If the coefficient of kinetic briction between the block and the wall is 0.30, find
a) the work done by the force on the block.
Answer in units of 1.
To find the work done by the force on the block, we need to calculate the displacement of the block in the direction of the force applied.
Given:
Mass of the block (m) = 40 kg
Force applied (F) = ? (not given)
Distance moved (s) = 2.0 m
Angle between force and horizontal (θ) = 200°
Coefficient of kinetic friction (μ) = 0.30
Acceleration due to gravity (g) = 9.81 m/s^2
To find the force applied (F), we need to resolve it into its horizontal and vertical components:
Horizontal component of force (F_h) = F * cos(θ)

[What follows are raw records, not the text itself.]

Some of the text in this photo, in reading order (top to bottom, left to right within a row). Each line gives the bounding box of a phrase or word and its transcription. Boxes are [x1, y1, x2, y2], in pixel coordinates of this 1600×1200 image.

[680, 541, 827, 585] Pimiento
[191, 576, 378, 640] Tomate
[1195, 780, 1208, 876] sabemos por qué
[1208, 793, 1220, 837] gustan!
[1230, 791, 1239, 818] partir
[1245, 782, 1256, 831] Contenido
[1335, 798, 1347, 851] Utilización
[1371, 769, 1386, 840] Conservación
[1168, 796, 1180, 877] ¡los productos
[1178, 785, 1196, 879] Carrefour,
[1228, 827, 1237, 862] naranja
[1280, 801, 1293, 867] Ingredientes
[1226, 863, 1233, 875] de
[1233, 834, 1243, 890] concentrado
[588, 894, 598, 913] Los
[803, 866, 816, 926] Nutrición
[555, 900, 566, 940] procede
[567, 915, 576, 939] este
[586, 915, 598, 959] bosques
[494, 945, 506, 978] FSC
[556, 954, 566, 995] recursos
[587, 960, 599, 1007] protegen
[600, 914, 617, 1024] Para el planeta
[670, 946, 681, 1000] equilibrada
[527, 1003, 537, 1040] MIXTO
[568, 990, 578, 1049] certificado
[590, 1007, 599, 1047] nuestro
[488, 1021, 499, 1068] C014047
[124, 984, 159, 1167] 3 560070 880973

Vertical component of force (F_v) = F * sin(θ)
Since the block is moving at a constant velocity, the net force in the vertical direction must be zero:
F_v - mg = 0
F_v = mg
Substituting the value of mass and acceleration due to gravity:
F * sin(θ) = (40 kg) * (9.81 m/s^2)
F * sin(200°) = 392.4 N
Therefore, the force applied (F) is:
F = 392.4 N / sin(200°)
F ≈ -942.04 N (The negative sign indicates that the force is pointing downwards)
Now, we can calculate the work done by the force on the block:
Work done (W) = F * s * cos(θ)
W = (-942.04 N) * (2.0 m) * cos(200°)
Using a calculator:
W ≈ -470 J
The work done by the force on the block is approximately -470 joules.